RIO DE JANEIRO, Brazil – A teenage girl was locked up on theft charges in an Amazon jail for weeks with 21 men who she said would only let her eat in return for sex, according to authorities, setting off a national scandal over the treatment of women by Brazil's justice system.
The 15-year-old said she was required to have sex with at least two inmates, police spokesman Walrimar Santos said by telephone Thursday from Belem, at the mouth of the Amazon River, where the victim was transferred after nearly a month living with male inmates.
By her account, officials did nothing — until the story erupted in the national media and outraged Brazilians demanded her transfer.
"Throwing a 15-year-old girl into a cell with 20 men was a heinous and intolerable act," Brazilian Bar Association president Cezar Britto said in an interview. "It is a serious case of criminal negligence against women, who in Brazil continue to be victims of prejudice."

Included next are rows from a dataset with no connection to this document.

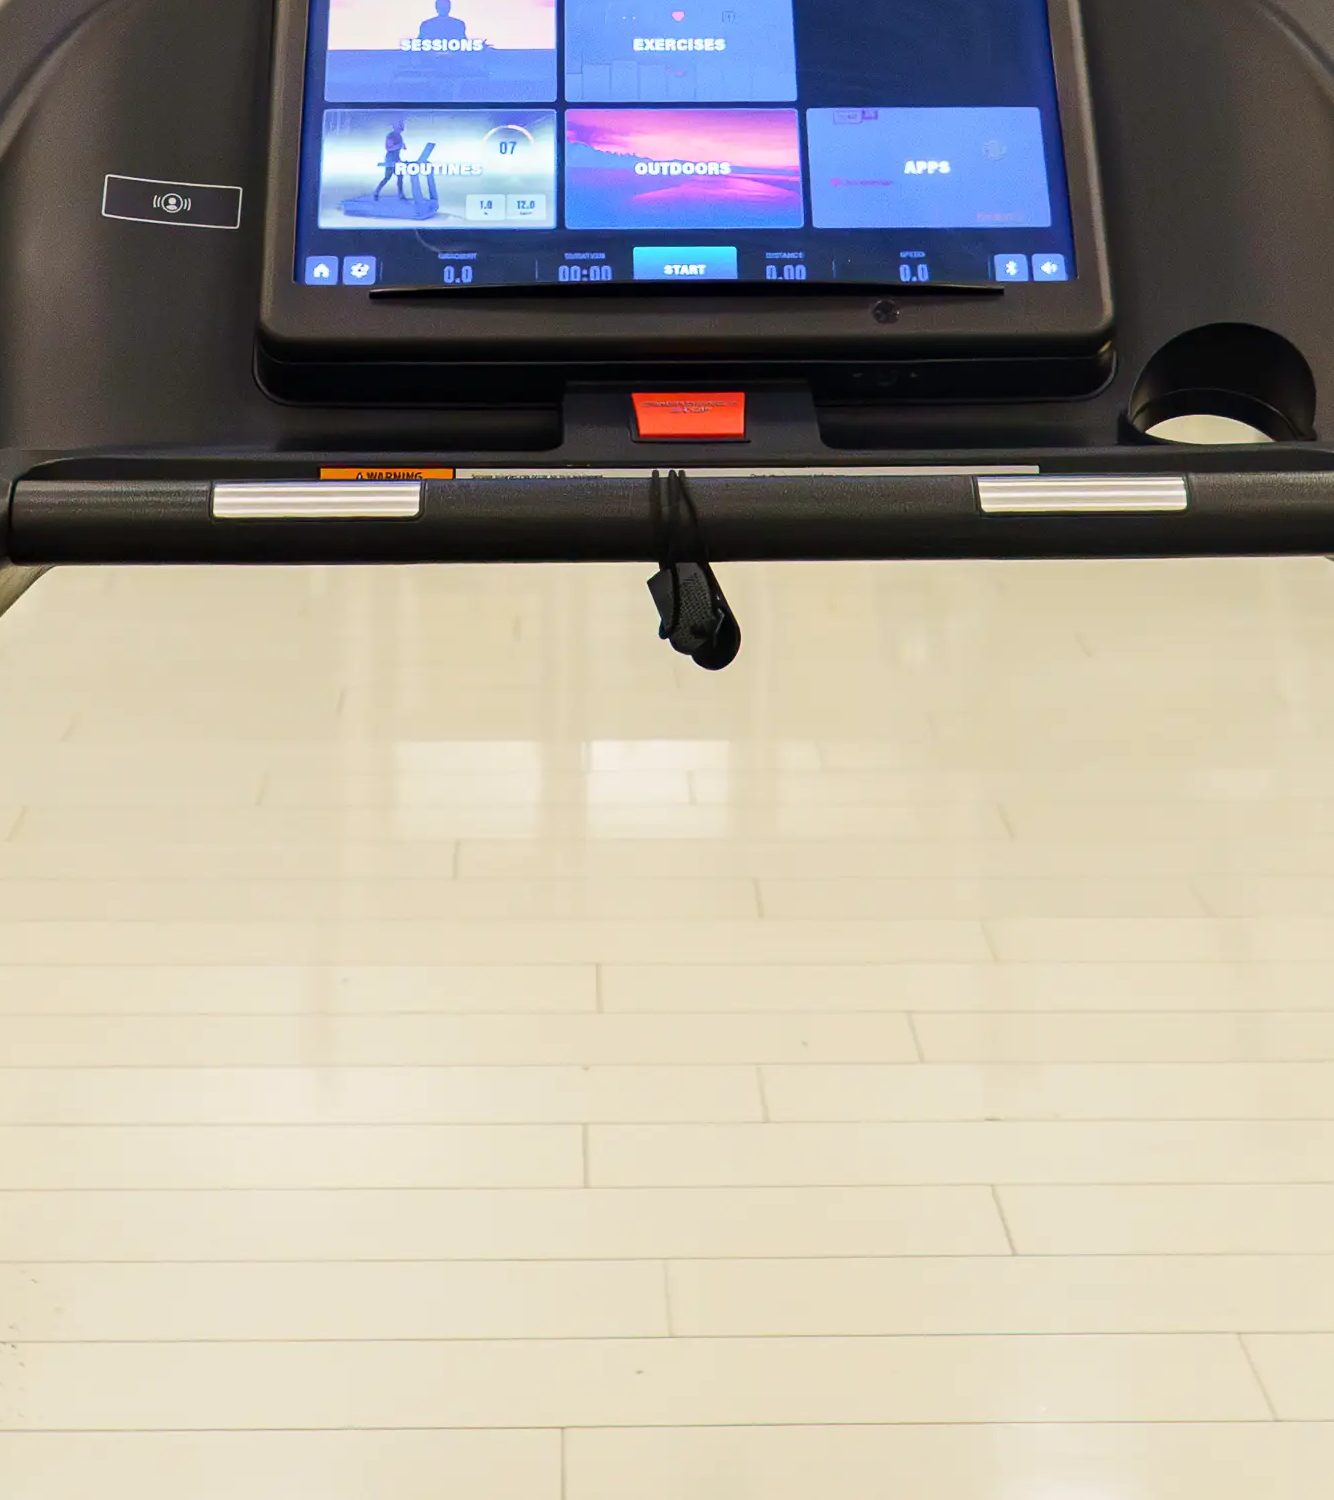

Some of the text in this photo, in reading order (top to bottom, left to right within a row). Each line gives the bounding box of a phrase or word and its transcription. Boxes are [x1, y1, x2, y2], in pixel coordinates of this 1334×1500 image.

[399, 38, 484, 52] SESSIONS
[632, 37, 727, 51] EXERCISES
[499, 141, 517, 155] 07
[394, 162, 483, 176] ROUTINES
[634, 161, 732, 175] OUTDOORS
[903, 160, 951, 175] APPS
[443, 265, 473, 283] 0.0
[558, 265, 613, 282] 00:00
[663, 264, 707, 275] START
[765, 264, 807, 280] 0.00
[899, 264, 929, 282] 0.0
[367, 471, 423, 480] WARNING

Santos said the girl was not beaten or injured. But the newspaper O Estado de S. Paulo, which said it had access to private testimony after her transfer from the jail, reported she was tortured with lit cigarettes on her fingers and bare feet to force her to have sex. Her cellmates cut her hair to make her look more like a boy and difficult to recognize, Estado said.
She said her only reprieve from obligatory sex was on Thursdays — when intimate visits were allowed — and things "calmed down," Estado reported.
Police and human rights officials said the girl was out of touch in Belem and would not speak to reporters. The Associated Press generally does not identify people who may have been victims of sexual assault.
The girl was arrested Oct. 21 on accusations of breaking and entering a house and jailed with male inmates in Abaetetuba, a city of 78,000 outside the Para state capital of Belem.
She was transferred to a jail for women in Belem on Nov. 17, although police claim they requested her transfer earlier but were ignored.
Santos said separate jails for men and women do not exist in most towns in Para — a sprawling, largely lawless state twice the size of France.
Days after the case was divulged, the Brazilian Bar Association announced that a 23-year-old woman had been obliged to share a cell with 70 men in a police detention center in Parauapebas, in southern Para. It was not clear if she was forced to have sex.
Para Gov. Ana Julia Carepa said she was outraged by the alleged abuse at Abaetetuba. She suspended three top police officials pending an investigation and promised that the guilty parties would be "punished in exemplary fashion."
"There's no excuse for what happened," she said in a statement. "I'm also shocked and indignant, as a woman and as governor. ... A woman can never be jailed in the same cell as men."
The federal government on Friday sent a task force of human rights officials to Belem to accompany the investigation after the girl and her family reported receiving death threats.
"First we will guarantee the safety of the minor, who will be included in the program for the Protection of Children and Adolescents threatened with death," Marcia Ustra Soares, a director of the program, told reporters.
The victim's father insisted in a televised interview that she was 15, and that police threatened to arrest him unless he produced a certificate showing she was 20.
"I want justice. The situation can't stay like this," he said.
Amnesty International said Brazilian women "are the hidden victims of a crumbling detention system," and many cases of women abused under government custody go unreported or uninvestigated.
"We receive extensive reports of women in detention who suffer sexual abuse, torture, substandard health care and inhuman conditions," said Tim Cahill, Amnesty's researcher on Brazil.
Carepa said the government also was investigating reports that the girl was arrested purposely for the sexual gratification of the prisoners.
"This is an unfortunate practice that regrettably has been occurring for some time," she said. "But it would be good to make this public, so that all society will be mobilized and we can end these practices. ... We won't allow this to happen again."
The Brazilian Bar Association voiced skepticism that officials would take effective action.
"What has happened in the state of Para's prison system shows that for authorities the concept of human dignity is only useful as a rhetorical instrument, not something to be taken seriously," Britto said.
If police did not have the required separate cells, the government "must recognize its inefficiency and ... release those citizens it cannot hold," he said.